Consulte as perguntas frequentes do Lustre para mais detalhes.

Mudanças no número de inode devido à migração de metadados

O número de inode de um arquivo em um sistema de arquivos Lustre não é um identificador imutável.

Uma operação de rebalanceamento de metadados, como uma iniciada por lfs migrate, envolve a migração de metadados de alguns arquivos de um MDT para outro. Como consequência direta dessa migração para um novo MDT, esses arquivos recebem um novo número de inode.

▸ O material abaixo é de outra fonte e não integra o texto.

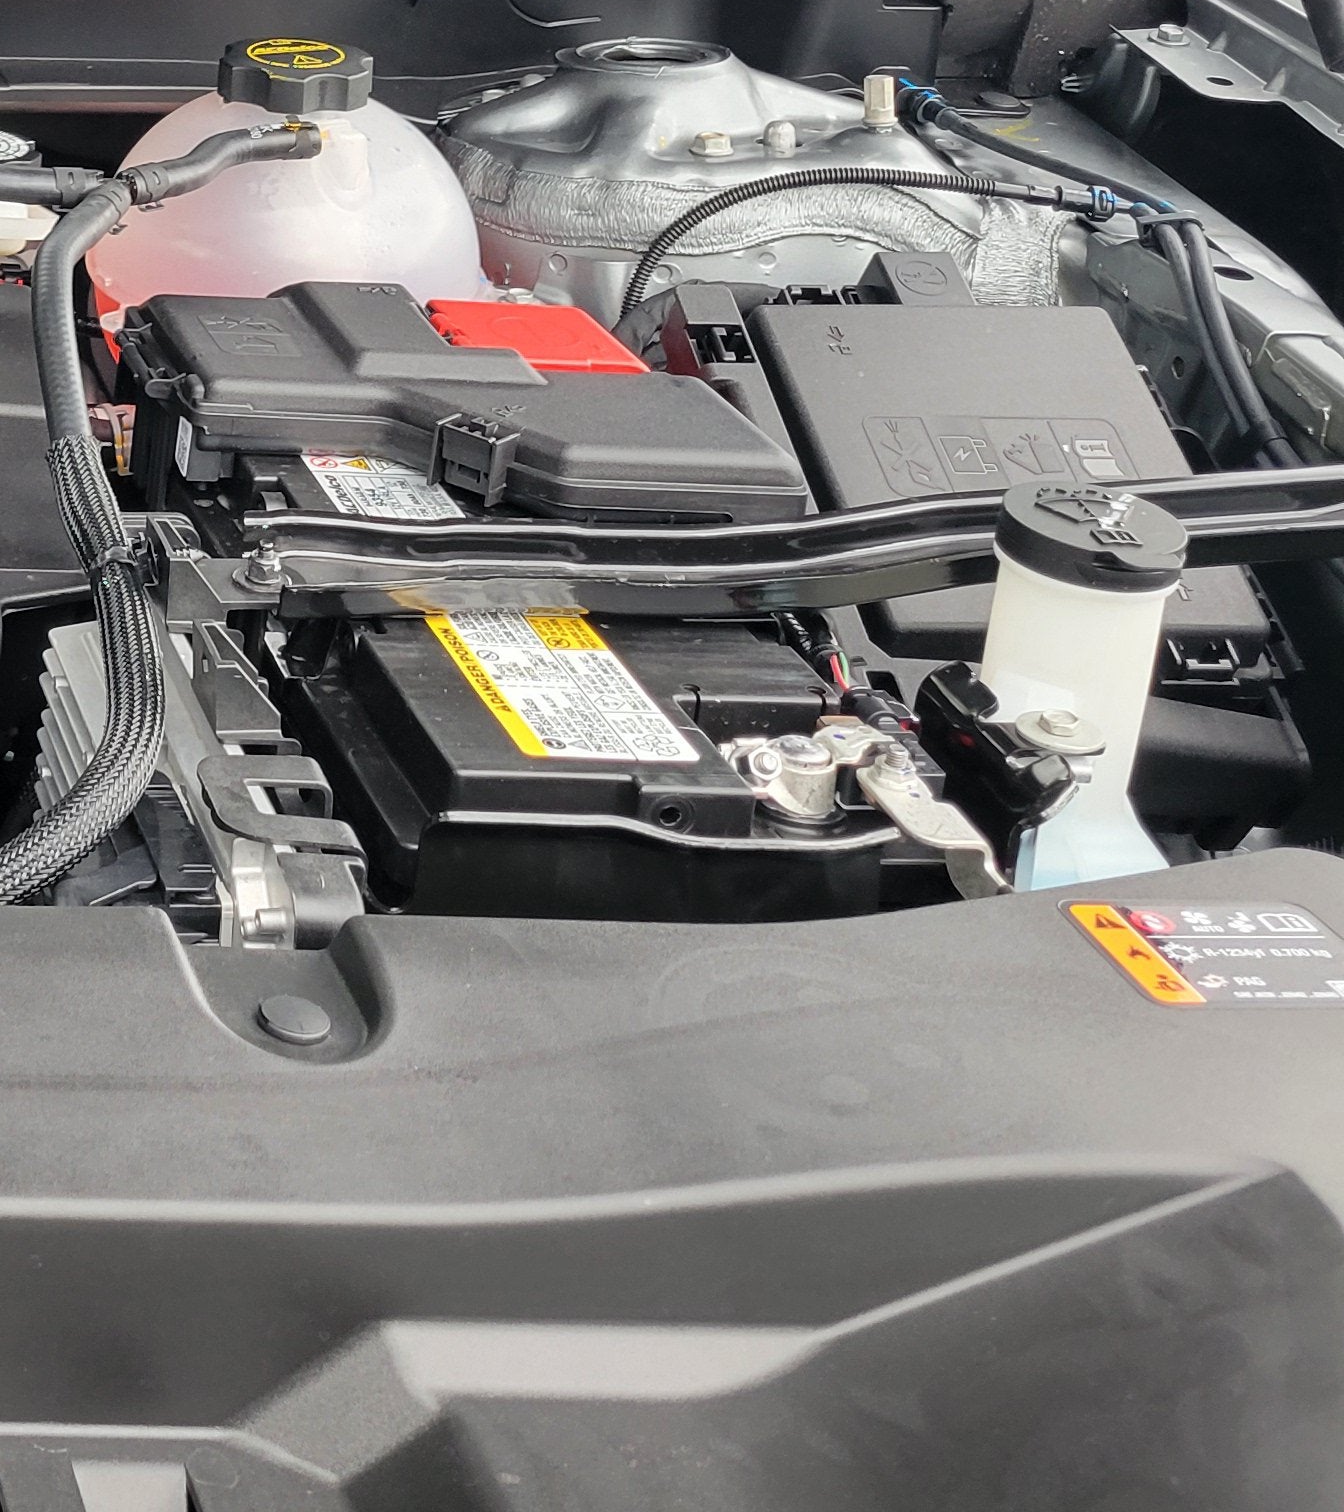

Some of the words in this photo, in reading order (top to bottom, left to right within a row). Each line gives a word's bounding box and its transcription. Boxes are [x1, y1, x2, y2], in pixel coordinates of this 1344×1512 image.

[1192, 925, 1225, 933] AUTO
[1270, 948, 1311, 958] 0.700
[1233, 976, 1267, 986] PAG
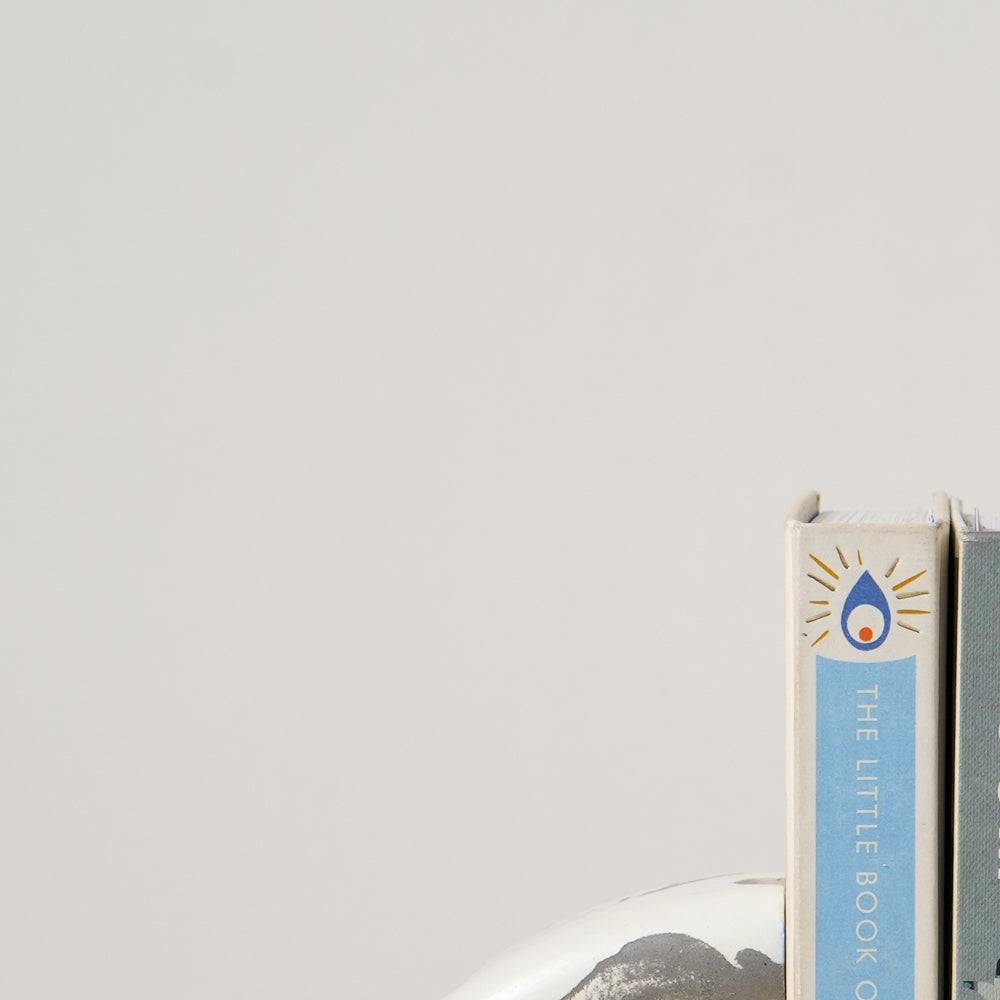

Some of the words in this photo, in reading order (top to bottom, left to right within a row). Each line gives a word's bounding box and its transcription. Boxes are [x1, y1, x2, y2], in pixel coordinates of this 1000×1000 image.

[855, 684, 879, 741] THE
[855, 759, 879, 853] LITTLE
[855, 872, 878, 963] BOOK

Embora esse comportamento esteja em conformidade com o padrão POSIX, ele pode violar as suposições de muitos aplicativos e serviços comuns do Unix/Linux criados para esperar um número de inode persistente durante a vida útil de um arquivo. Isso inclui, mas não se limita a:

  • Front-ends NFS e SMB: esses serviços geralmente derivam identificadores de arquivos de números de inode. Uma mudança pode levar a erros de Stale file handle para clientes.

  • Utilitários de arquivamento e backup: ferramentas como tar que rastreiam arquivos pelo dispositivo + número de inode podem tratar um arquivo migrado como um novo, levando a backups incrementais ineficientes.

  • Agregadores de registros, sistemas de detecção de intrusões e aplicativos personalizados que usam stat() e armazenam st_ino também podem ser afetados.

Os administradores precisam estar cientes desse comportamento e do possível impacto nos aplicativos antes de iniciar qualquer rebalanceamento manual de metadados.

Estratégias de mitigação

O rebalanceamento de metadados precisa ser tratado como um evento de manutenção planejado e disruptivo.

  1. Programe uma janela de manutenção. Comunique uma interrupção planejada a todos os usuários e proprietários de aplicativos. Se possível, não realize operações de lfs migrate em grande escala em um sistema de produção ativo.

  2. Se necessário, desmonte e remonte o sistema de arquivos após a migração.

  3. Alguns aplicativos podem precisar ser liberados ou reiniciados após uma migração.